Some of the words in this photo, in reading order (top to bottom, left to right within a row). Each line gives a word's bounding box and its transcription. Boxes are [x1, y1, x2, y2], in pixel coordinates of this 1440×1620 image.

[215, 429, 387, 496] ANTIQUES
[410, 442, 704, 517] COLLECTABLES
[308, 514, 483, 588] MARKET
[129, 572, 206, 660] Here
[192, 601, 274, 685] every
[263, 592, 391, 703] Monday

☆ ☆ ☆ ☆ ☆

§ Directions: Write down every line of the data exactly as it appears above.

§ Worked solution:
Some of the words in this photo, in reading order (top to bottom, left to right within a row). Each line gives a word's bounding box and its transcription. Boxes are [x1, y1, x2, y2], in pixel coordinates of this 1440×1620 image.

[215, 429, 387, 496] ANTIQUES
[410, 442, 704, 517] COLLECTABLES
[308, 514, 483, 588] MARKET
[129, 572, 206, 660] Here
[192, 601, 274, 685] every
[263, 592, 391, 703] Monday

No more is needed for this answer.